Strip them from your diet completely. Cut out all the inflammatory, insulin-spiking, calorie-dense but nutritionally sparse food groups for a full 30 days.  Let your body heal and recover from whatever effects those foods may be causing.   Push the “reset” button with your metabolism, systemic inflammation, and the downstream effects of the food choices you’ve been making.  Learn once and for all how the foods you’ve been eating are actually affecting your day to day life, and your long term health.  The most important reason to keep reading?
This will change your life.
We cannot possibly put enough emphasis on this simple fact – the next 30 days will change your life. It will change the way you think about food, it will change your tastes, it will change your habits and your cravings. It could, quite possibly, change the emotional relationship you have with food, and with your body. It has the potential to change the way you eat for the rest of your life. We know this because we did it, and thousands of people have since done it, and it changed our lives (and their lives) in a very permanent fashion.

Our Whole30 program, as outlined.

Eat real food – meat, fish, eggs, tons of vegetables, some fruit, and plenty of good fats.  Eat foods with very few ingredients, all pronounceable ingredients, or better yet, no ingredients listed at all because they’re totally natural and unprocessed.  Don’t worry… these guidelines are outlined inextensive detail in our Shopping Guide.
More importantly, here’s what NOT to eat during the duration of your Whole30 program. Omitting all of these foods and beverages will help you regain your healthy metabolism, reduce systemic inflammation, and help you discover how these foods are truly impacting your health, fitness  and quality of life. 
        Do not consume added sugar of any kind, real or artificial. No maple syrup, honey, agave         nectar, Splenda, Equal, Nutrasweet, xylitol, stevia, etc.  Read your labels (and your Success Guide FAQ), because companies sneak sugar into products in ways you might not recognize.
  • Do not eat processed foods. This includes protein shakes, pre-packaged snacks or meals, protein bars, milk substitutes, etc.
  •  Do not consume alcohol, in any form.  (NEW! And it should go without saying, but no tobaccoproducts of any sort, either.)
  • Do not eat grains. This includes (but is not limited to) wheat, rye, barley, millet, oats, corn, rice, sprouted grains and all of those gluten-free pseudo-grains like quinoa.  Yes, we said corn… for the purposes of this program, corn is a grain!  This also includes all the ways we add wheat, corn and rice into our foods in the form of bran, germ, starch and so on.  Again, read your labels.
  • Do not eat legumes. This includes beans of all kinds (black, kidney, lima, etc.), peas, lentils, and peanuts.  No peanut butter, either.  This also includes all forms of soy – soy sauce, miso, tofu, tempeh, edamame, tamari and all the ways we sneak soy into foods (like lecithin).
  • Do not eat dairy. This includes all cow, goat or sheep’s milk, cream, butter, cheese (hard or soft), kefir, yogurt (even Greek), and sour cream.
  • Do not eat white potatoes. It’s somewhat arbitrary, but they are carbohydrate-dense and nutrient poor, and also a nightshade (refer to your Success Guide FAQ for details).
  • Most importantly… do not try to shove your old, unhealthy diet into a shiny new Whole30 mold.  This means no “Paleo-fying”  less-than-healthy recipes – no Paleo pancakes, Paleo pizza, Paleo fudge or Paleo”ice cream.  Don’t mimic poor food choices during your Whole30 program!  Those kinds of food miss the point of the program entirely.

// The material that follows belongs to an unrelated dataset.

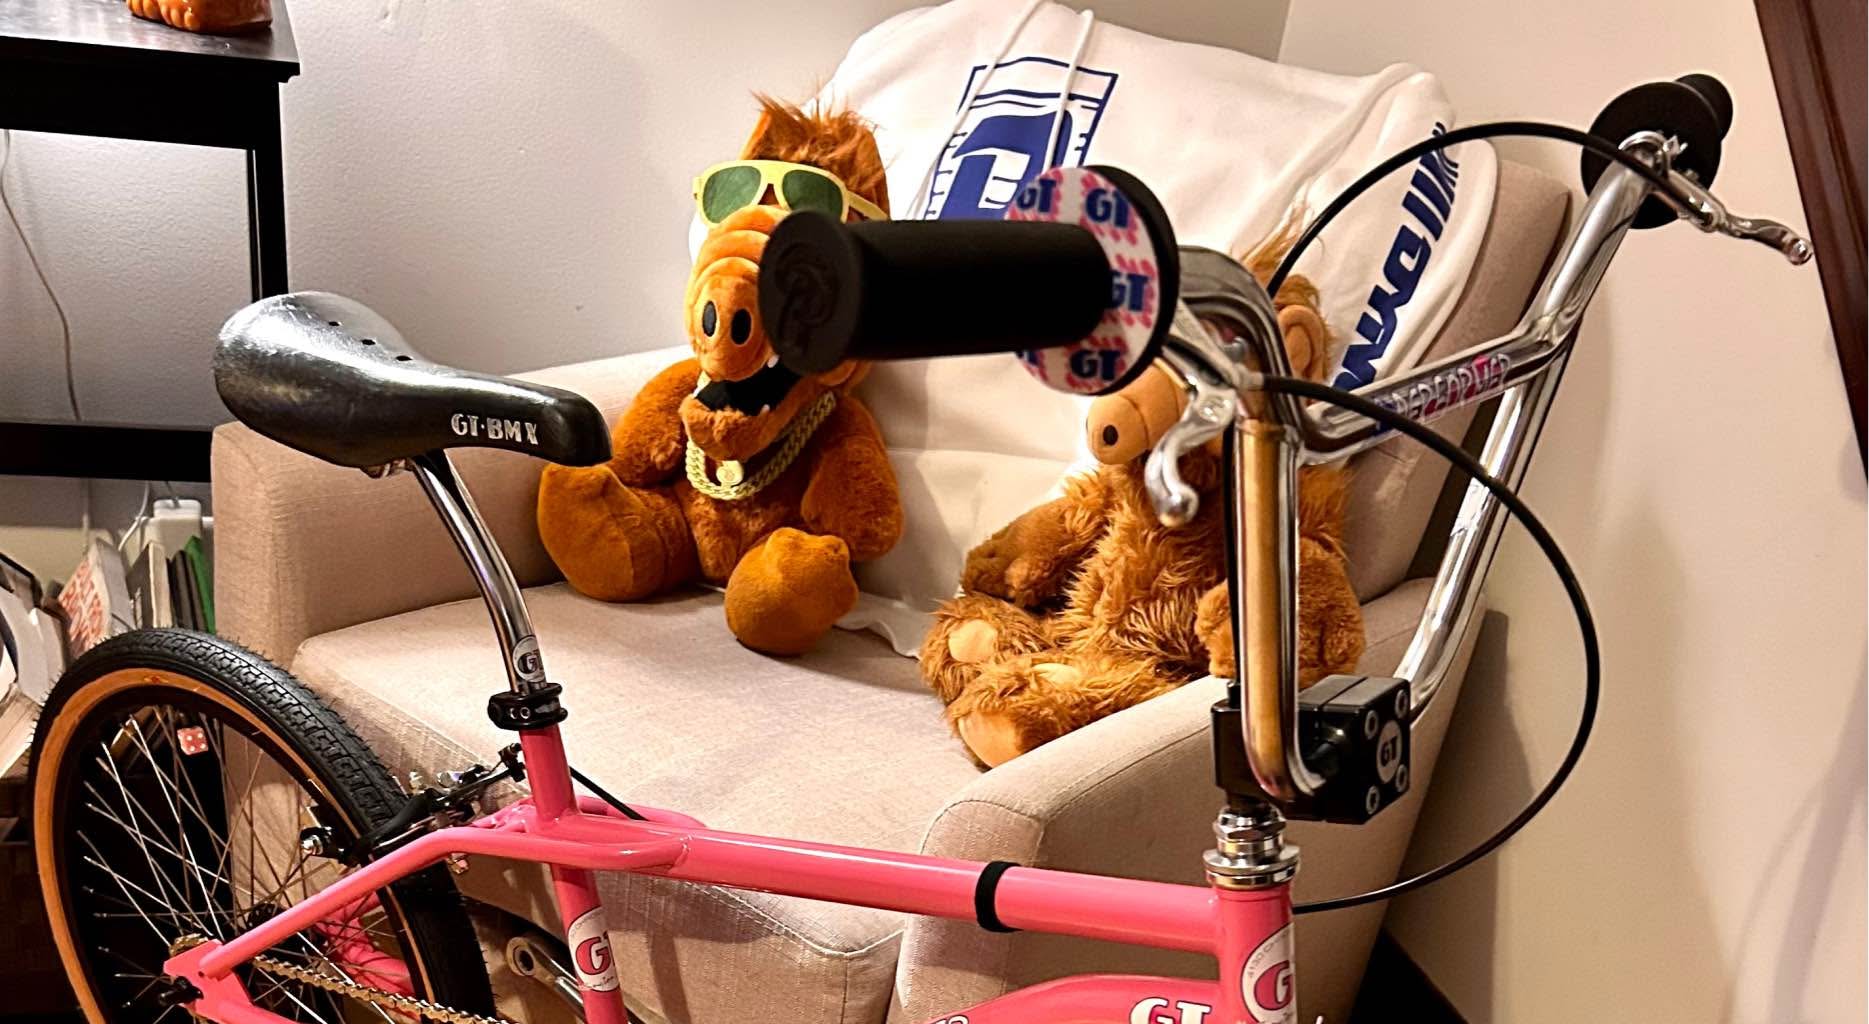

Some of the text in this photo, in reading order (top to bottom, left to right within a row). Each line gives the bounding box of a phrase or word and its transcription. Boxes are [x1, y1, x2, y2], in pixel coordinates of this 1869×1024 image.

[1016, 177, 1058, 214] GT
[1084, 187, 1130, 229] GT
[1070, 349, 1122, 381] GT
[1380, 735, 1398, 767] GT

One last and final rule.  You are not allowed to step on the scale during your Whole30 program.  This is about so much more than just weight loss, and to focus on your body composition means you’ll miss out on the most dramatic and lifelong benefits this plan has to offer.   So, no weighing yourself or taking comparative measurements during your Whole30.  (NEW!  We do encourage you to weigh yourself before and after, however, so you can see one of the more tangible results of your efforts when your program is over.)